Sebastián Piñera, who was president of Chile for two terms, died on Tuesday when the helicopter he was piloting fell into Lake Ranco. He was “a democrat from the start”, as Gabriel Boric, current Chilean president and Piñera’s successor, said in the official statement confirming the news.

Known as “the locomotive” from his beginnings as a senator, this nickname represented him both in his business side and in his political life, during which he personified the democratic alternation of Chile and led the government to right after 20 years of center-left coalition.

Piñera, born in Santiago in 1949, was the third of six children of Magdalena Echenique and José Piñera, founder of the Christian Democratic Party, born from the fusion of the National Falange and smaller conservative and Christian groups. The reasons why the ex-president did not join the military in his father’s party have never been entirely clear; from the beginning he showed an ambiguous attitude towards the figure of Pinochet.

Piñera defended the former Chilean dictator when he was captured in London in 1998; ten years earlier, in the 1988 plebiscite, he had made public his negative vote after showing himself against the permanence of Augusto Pinochet’s military regime in power.

Regarding his business figure, he has been equally irreverent; he ended up earning the nickname of the “Chilean Berlusconi”. Not only were they similar in being the main shareholders of football clubs, but they were among the richest people in their respective countries. Piñera had a fortune estimated by Forbes at about $2.9 billion, the fifth largest in the Latin American country, according to the 2023 ranking.

However, the businessman was not new to politics, since since the restoration of democracy, in 1990, he was a senator and president of the Alliance for Chile, which brought together the National Renewal, the party that sought represent the more moderate right, and the Independent Democratic Union, the Pinochetist heritage of the Chilean right.

After suffering an electoral defeat in the 2005 elections to Bachelet, he was promoted to Moneda in 2009. A month before he was sworn in as president, Chile suffered one of the worst earthquakes in its history, which undoubtedly marked its mandate The earthquake – of magnitude 8.8, in February 2010 – led to the rescue of 33 miners who lived 700 meters underground for 69 days. This catastrophe was projected by the government as a symbol of its mandate, in which it tried to show that, with business logic, things can be done well.
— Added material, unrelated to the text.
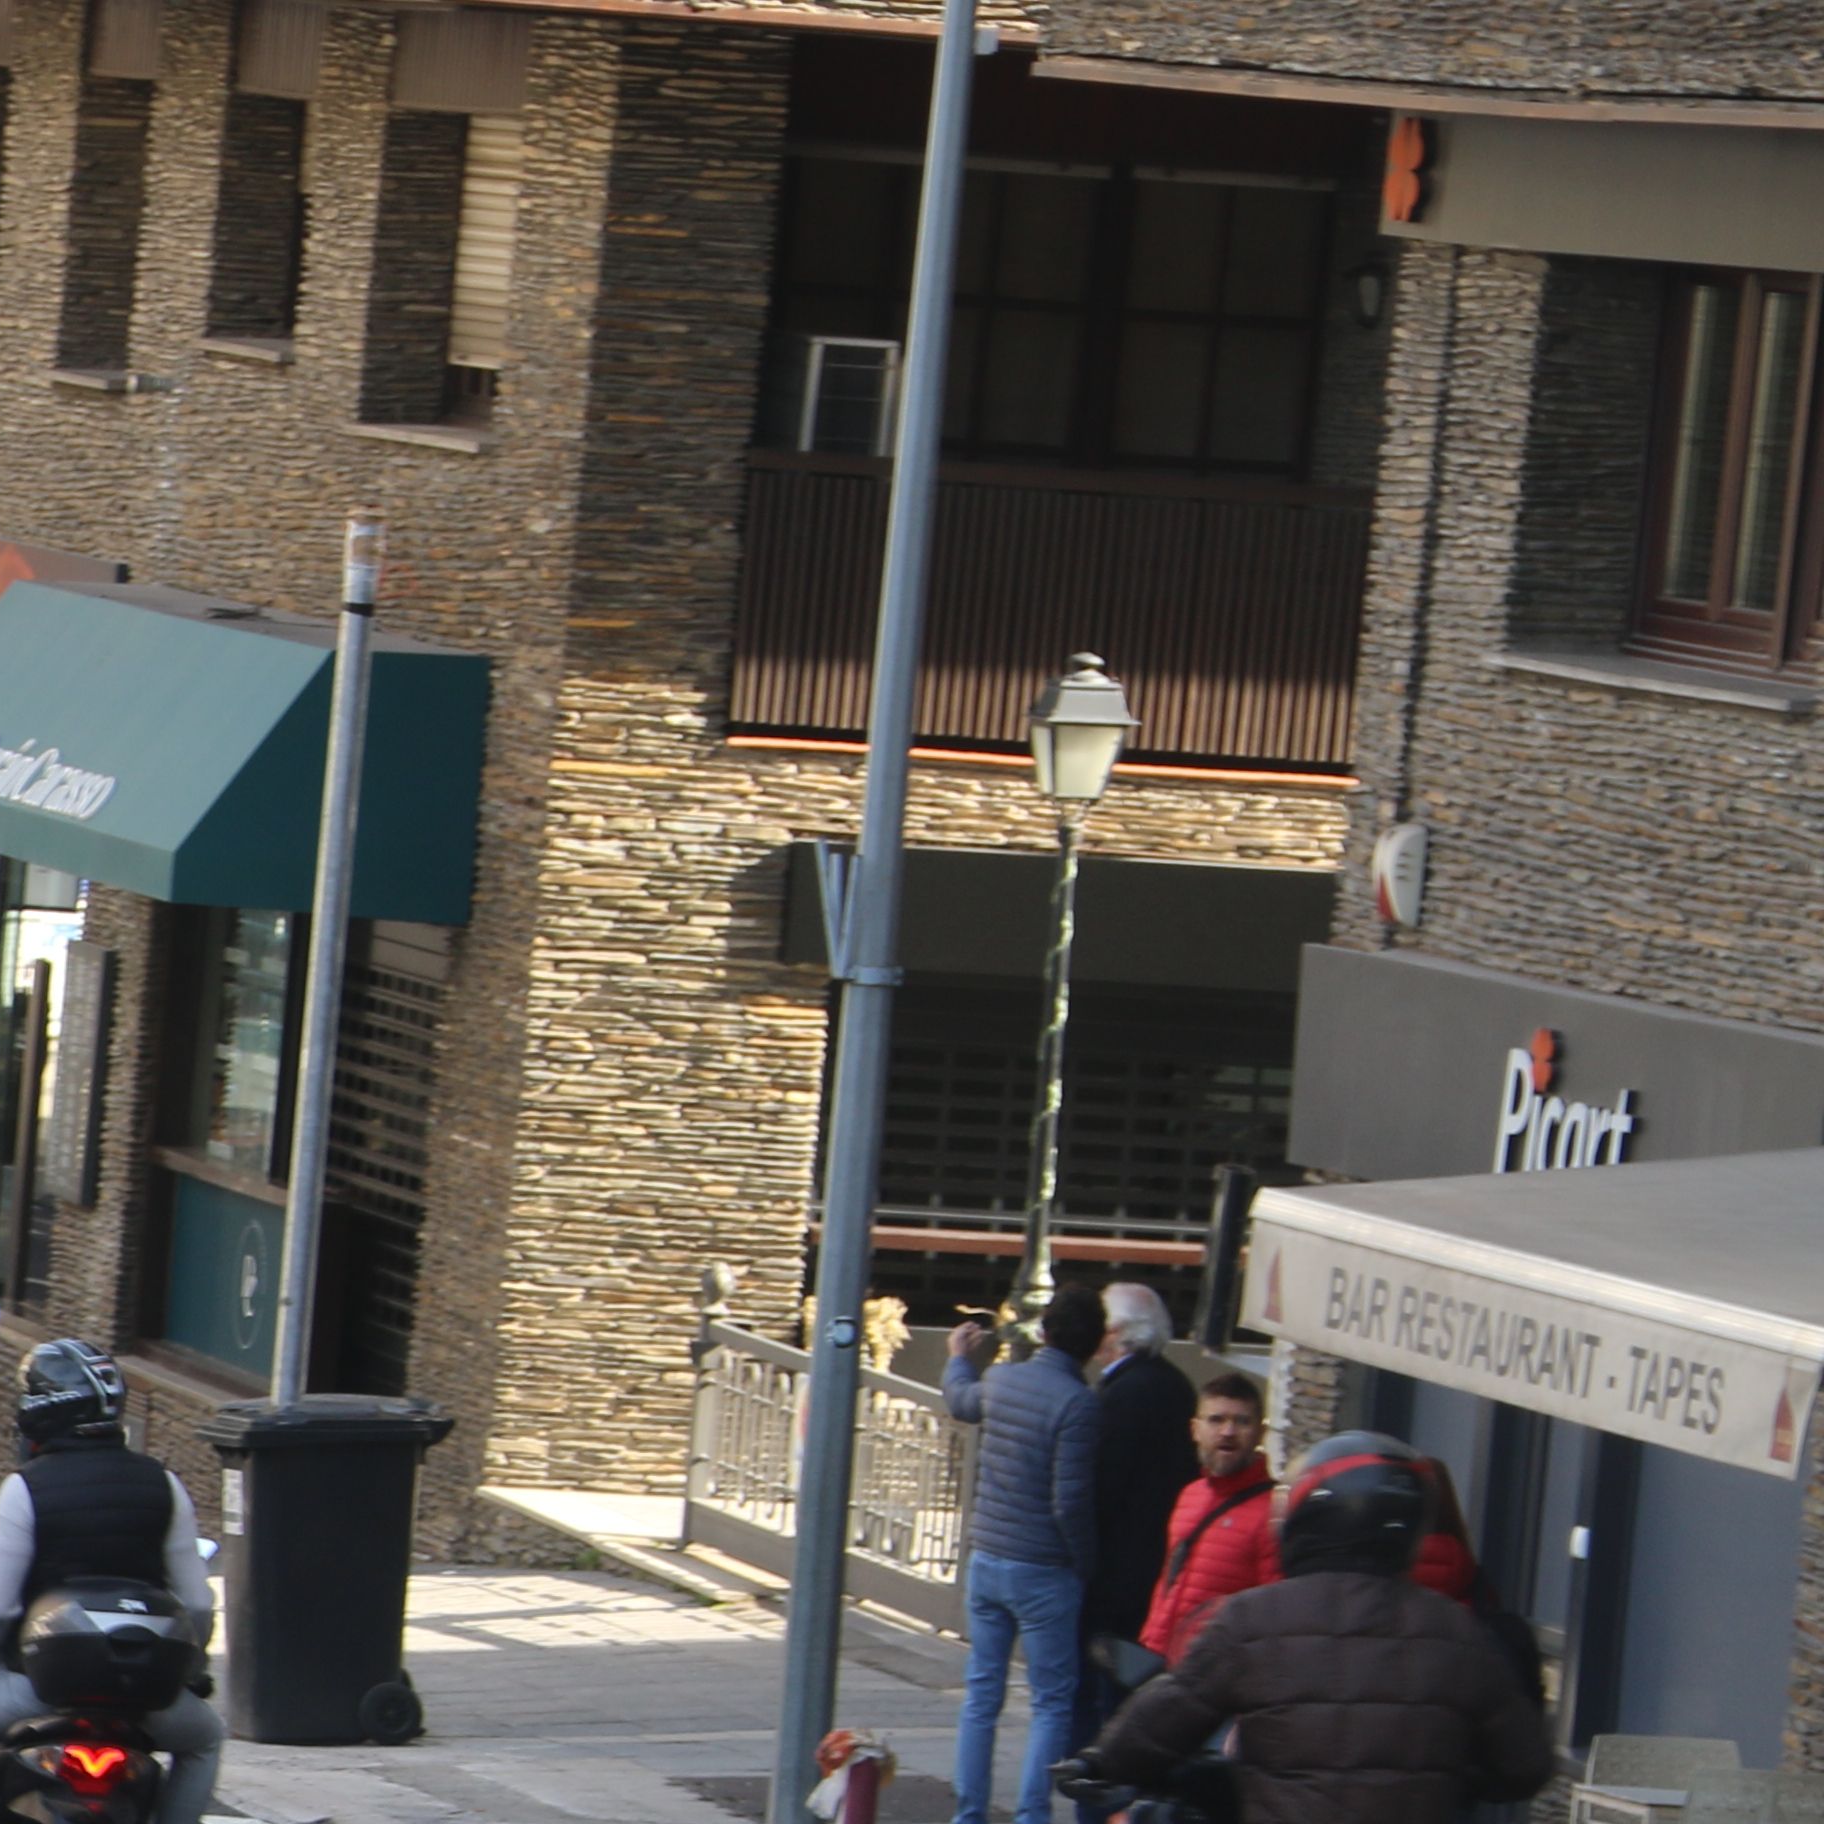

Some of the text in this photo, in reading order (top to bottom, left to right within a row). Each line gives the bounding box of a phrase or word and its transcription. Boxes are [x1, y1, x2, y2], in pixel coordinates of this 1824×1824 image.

[1325, 1267, 1389, 1343] BAR
[1395, 1286, 1601, 1399] RESTAURANT
[1627, 1346, 1725, 1436] TAPES
Without making the right-wing turn that his own sector would have liked, he “promoted pioneering laws and public policies in favor of LGTBIQ rights, he gave equal, respectful and gentle treatment to independent organizations”, as recorded by the Integration Movement and Homosexual liberation on social networks, showing their condolences for the death of the former president. In addition, he promoted the Civil Union Agreement for people of the same sex, which would later become law.

Thus, during his first term, he emerged as a leader who was never a traditional Chilean right-winger, historically more conservative; therefore, in his own ranks there were those who looked at him with some distrust.

Months before saying goodbye to La Moneda, he already stated that he did not rule out a future presidential bid. He regained the leadership of the country in 2018, against a weakened center-left and without strong leadership. Michelle Bachelet, who has expressed her condolences, then handed him the presidential armband for four more years, extremely complex years with the accumulation of obstacles.

The first thing he had to deal with was the social outburst of October 2019, in which the demands and unrest of the Chilean people accumulated, an outburst described by Piñera as “a non-traditional coup d’état”.

In addition, he had to deal with the pandemic, against which he applied a business mentality, as described by local media. The former president negotiated the vaccines with the laboratories before his neighboring countries, which brought some calm to the streets for the general inoculation of the Chilean population.

In March 2022, he handed over command to the president of the Front Ampli, Gabriel Boric, who announced three days of national mourning and quoted Piñera’s first words after returning to power in 2018: “Chile is all of us and we must dream, draw and build together”.